Gastric mucosal PG E2 receptors are the common antisecretory working point of all prostanoid types and may also be involved in ''protective' effects. We investigated the subcellular localization of these receptors, as measured by displaceable H-3-PG E2 binding, and identified different organelles by monitoring the activities of specific marker enzymes. Porcine mucosal homogenates were subdivided by differential centrifugation into fractions PI (1000xg), P2 (20000xg), P3 (300000xg) and the supernatant S1. P3 was further fractionated over a series of sucrose step gradients. Mitochondria and lysosomes were enriched in P2 (maximum specific activities of cytochrome-c-oxidase of beta-glucosidase, beta-glucuronidase, beta-galactosidase, respectively). Plasma membranes (alkaline phosphatase, gamma-glutamyl-transpeptidase, 5-nucleotidase), tubulovesicles (H+/K+-ATPase) and rough endoplasmic reticulum (NADPH-cytochrome-c-reductase) were mainly found in P3, which also contained the majority of H-3-PG E2 binding sites. In contrast, prostanoid binding was barely detectable in SI. Density fractionation of P3 revealed that H-3-PG E2 binding sites shared a similar sedimentation profile with plasma membranes and tubulovesicular markers.
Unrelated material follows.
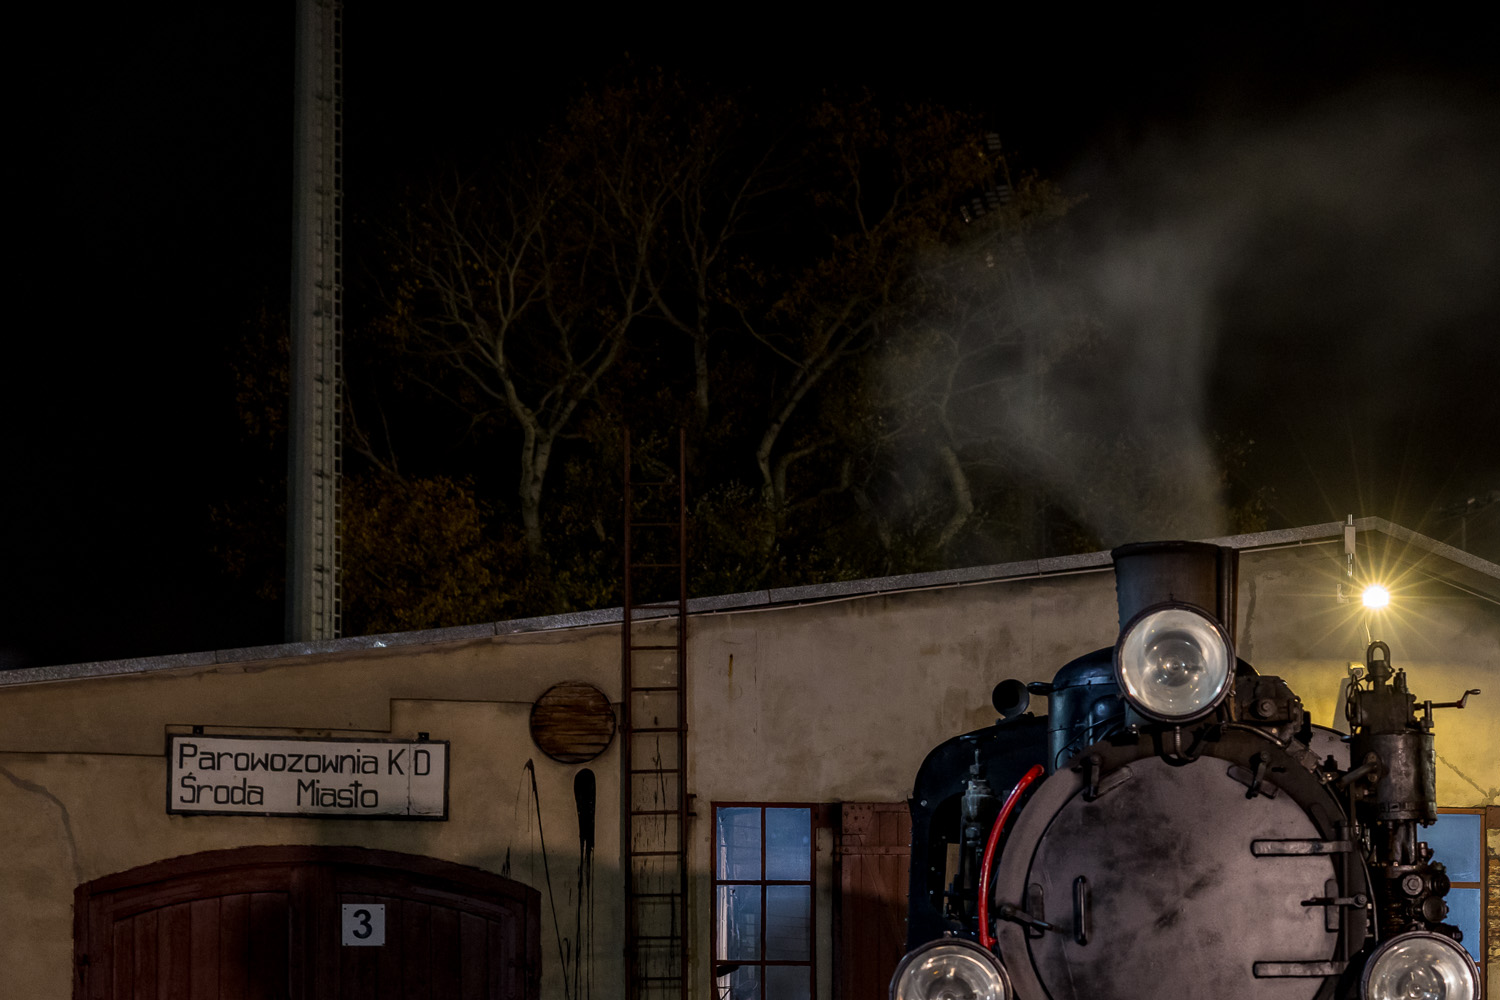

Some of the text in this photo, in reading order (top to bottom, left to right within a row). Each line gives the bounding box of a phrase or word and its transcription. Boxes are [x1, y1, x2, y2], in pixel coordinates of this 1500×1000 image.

[178, 743, 431, 777] Parowozownia K D
[179, 772, 379, 809] Środa Miasto
[353, 909, 373, 939] 3
No or negative correlation was found with lysosomes, rough endoplasmic reticulum and mitochondria. We conclude that mucosal PG E2 receptors are predominantly located at the cell surface. This supports the view that prostanoids inhibit gastric secretion through membrane receptors, but gives no clue for intracellular ''protective'' working points.